TAP — Predicting Which Data Will Improve Your Model, Before You Train

TAP, Trajectory Advantage Predictor, is a cheap, self-improving model that learns f(GRPO signals) → predicted post-RL lift. We present a new model architecture that predicts if a given RL dataset will improve an LLM without ever training on it. Our TAP architecture beats the current SOTA (inference function methods) in terms of both cost and performance.

Inference-Time Compute Hackathon (Applied AI Track). Built on Qwen2.5-Math-1.5B and Qwen3-1.7B with GRPO/RLVR across math, code, science, and general knowledge.

For an interactive exploration of our training results, visit: this link. The presentation slides can be found here.


Vision & Problem Fit

Frontier labs are buying huge amounts of RL data from domain experts. Most of it, however, is noisy and does not affect the model in terms of performance. We therefore wanted to find out if there is a way to filter for high-signal data, without needing to run the full RL train + eval loop. In this way, we avoid burning GPUs and hours on data that may not help at all.
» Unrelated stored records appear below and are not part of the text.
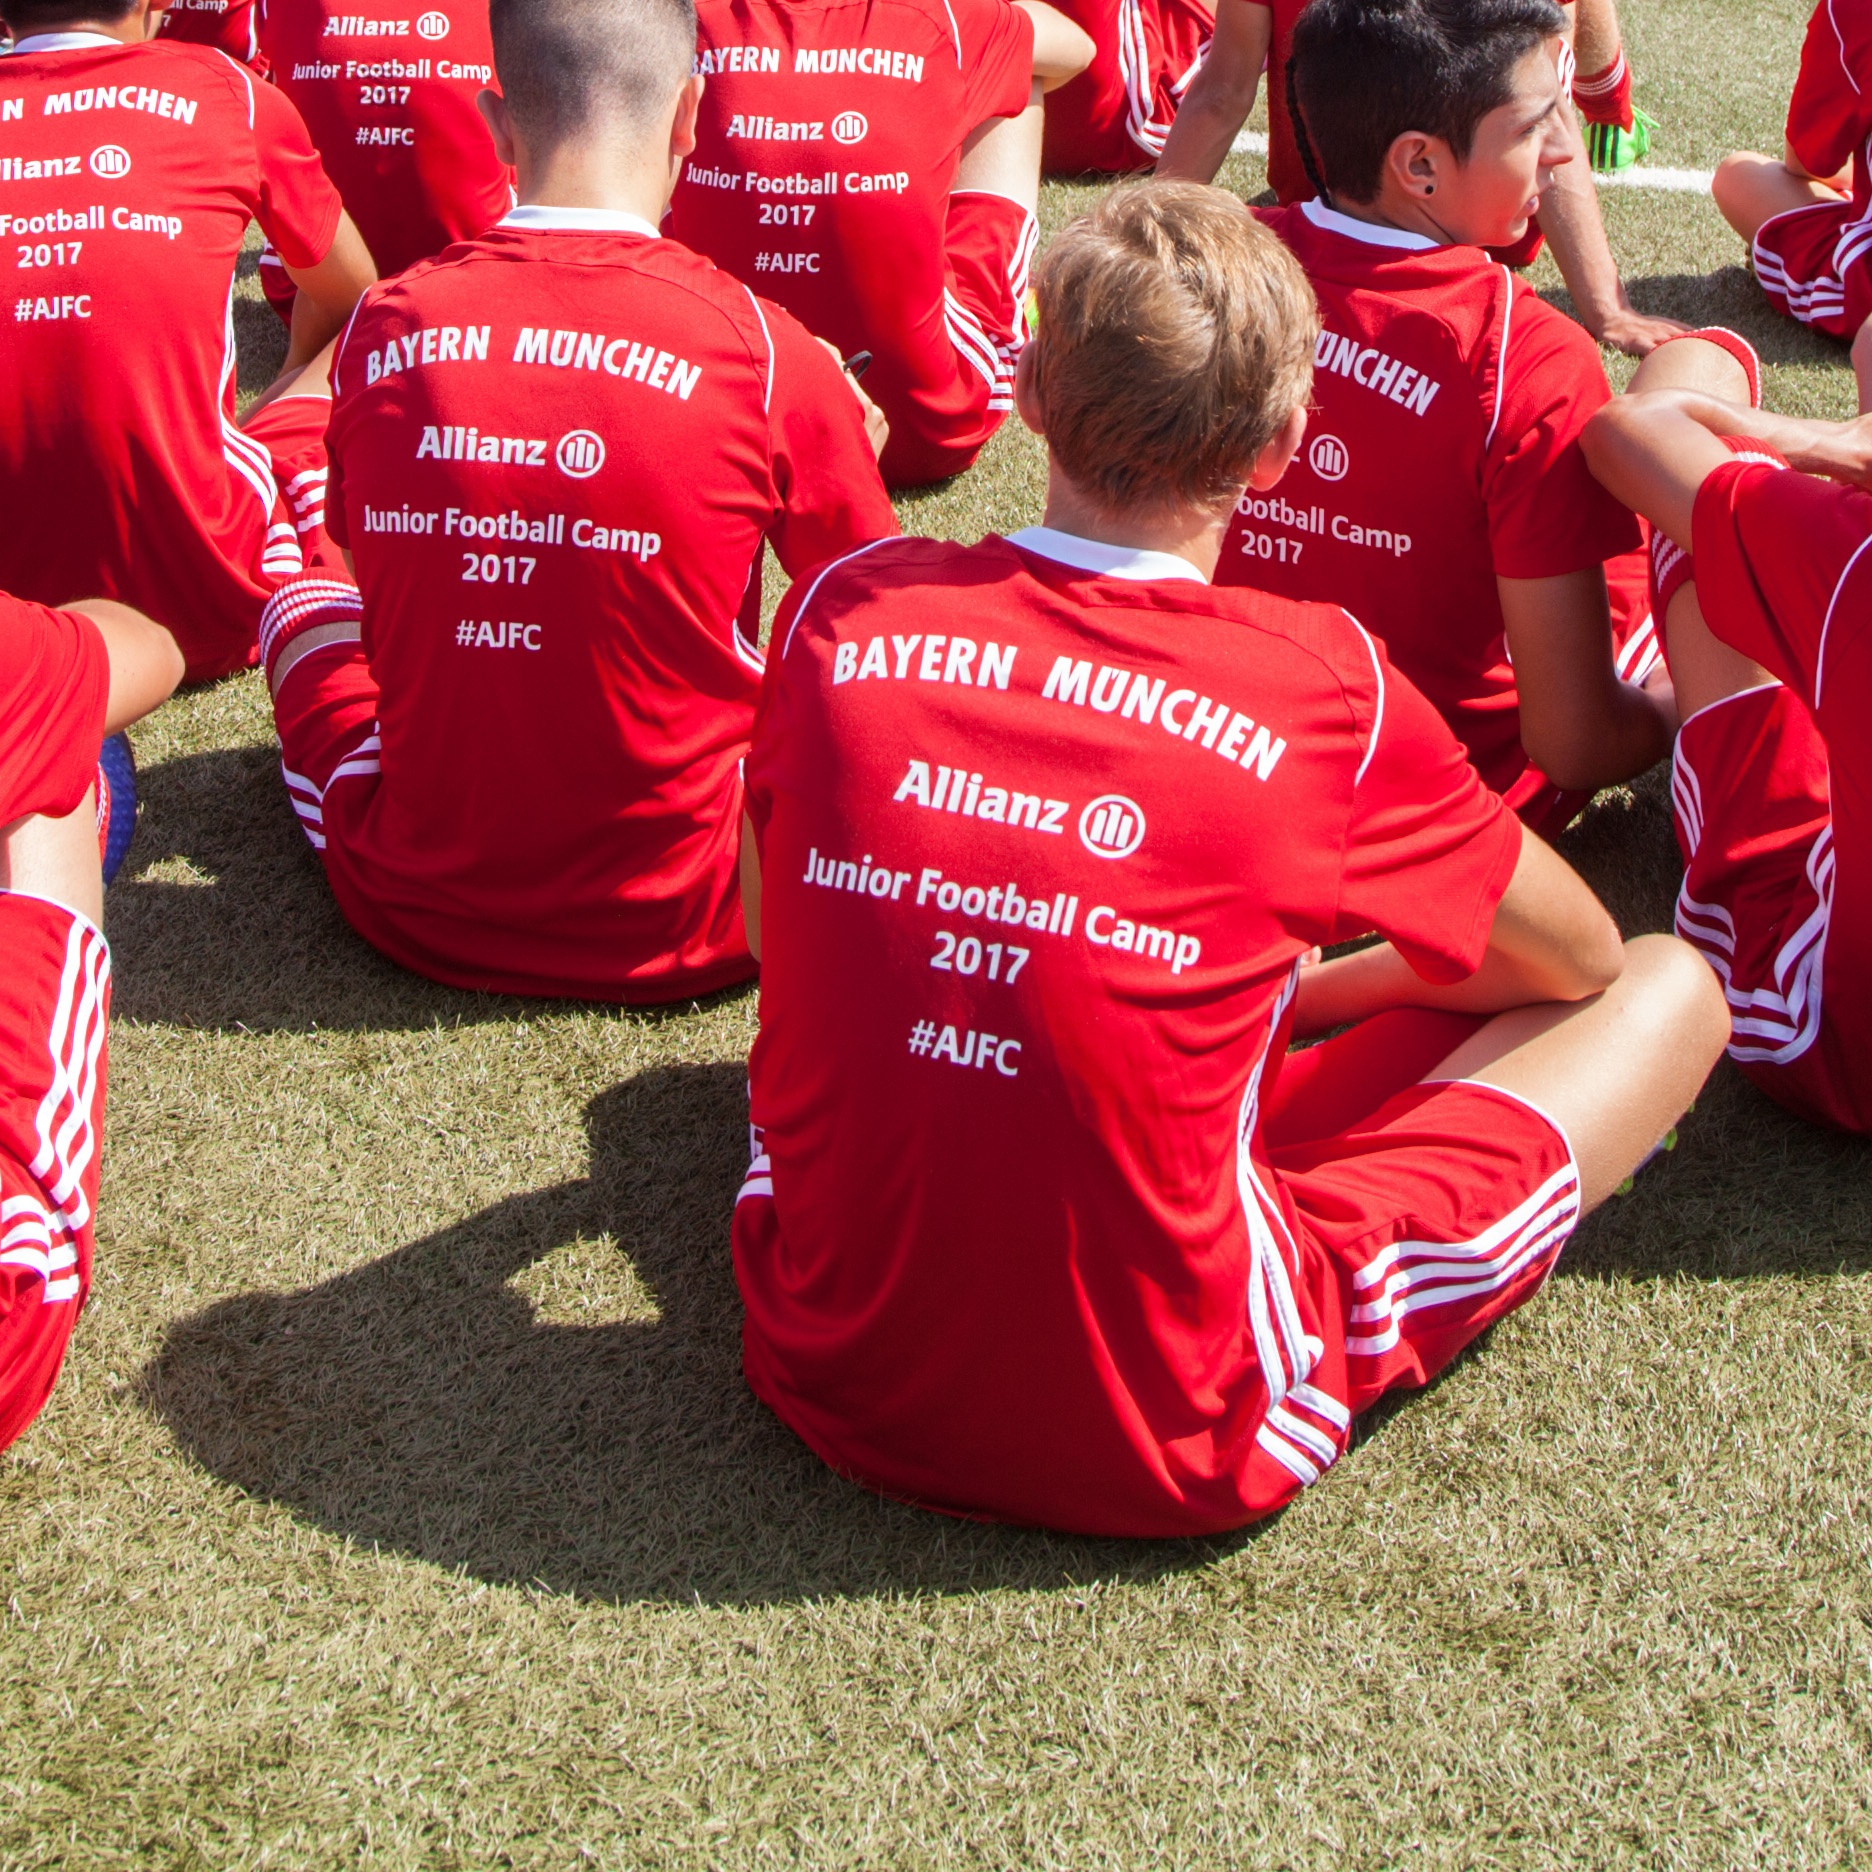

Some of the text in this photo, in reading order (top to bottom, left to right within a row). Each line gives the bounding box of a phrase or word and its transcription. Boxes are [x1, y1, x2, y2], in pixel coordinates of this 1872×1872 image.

[322, 15, 410, 38] Allianz
[292, 58, 493, 84] Junior Football Camp
[794, 46, 926, 84] MÜNCHEN
[43, 84, 198, 126] MÜNCHEN
[359, 85, 411, 106] 2017
[354, 127, 415, 147] #AJFC
[725, 113, 825, 143] Allianz
[685, 161, 910, 196] Junior Football Camp
[111, 206, 183, 240] Camp
[757, 202, 817, 227] 2017
[16, 241, 84, 269] 2017
[753, 252, 821, 274] #AJFC
[14, 294, 92, 322] #AJFC
[366, 325, 703, 402] BAYERN MÜNCHEN
[1312, 328, 1442, 419] ÜNCHEN
[416, 425, 548, 467] Allianz
[363, 502, 662, 564] Junior Football Camp
[1236, 494, 1413, 558] ootball Camp
[1240, 529, 1304, 565] 2017
[461, 552, 537, 585] 2017
[455, 619, 543, 651] #AJFC
[832, 633, 1287, 783] BAYERN MÜNCHEN
[892, 758, 1072, 836] Allianz
[802, 847, 1202, 975] Junior Football Camp
[929, 930, 1030, 986] 2017
[907, 1019, 1023, 1078] #AJFC
That makes data selection the real bottleneck of RLVR, and it's exactly the hackathon's question: what task- and dataset-level metrics correlate with a model's post-RL performance gain, why, and where do they sit on the cost–quality Pareto frontier?
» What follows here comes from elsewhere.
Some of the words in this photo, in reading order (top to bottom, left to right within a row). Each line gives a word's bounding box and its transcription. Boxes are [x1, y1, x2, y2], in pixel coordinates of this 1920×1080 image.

Our research introduces a new training architecture, Trajectory Advantage Predictor (TAP), which is able to predict training results without actually training the model. Instead of training to find out, we predict the lift from signals we can read off a handful of rollouts the policy already produces. The unit of prediction is a cohort (a small dataset), the target is the measured post-RL lift, and the predictor is cheap enough to run on every candidate batch. It directly answers "will this data make the model better, and by how much?" before you pay for it.


Technical Execution

We built the whole pipeline end-to-end, and the core of it works as follows:

  1. Post-train (GRPO) a battery of cohorts across subjects and measure the true lift on a held-out probe.
  2. Extract 23 cheap features (derived via testing and from existing literature) from the same rollouts. A single forward pass is significantly cheaper to run, than a full backwards pass, which allows us to extract features which encode model internals.
  3. Train a small gradient-boosted model f(features) → lift (ridge benchmarked as a baseline).
  4. Validate with leave-one-cohort-out, leave-one-domain-out, and decision/selection metrics.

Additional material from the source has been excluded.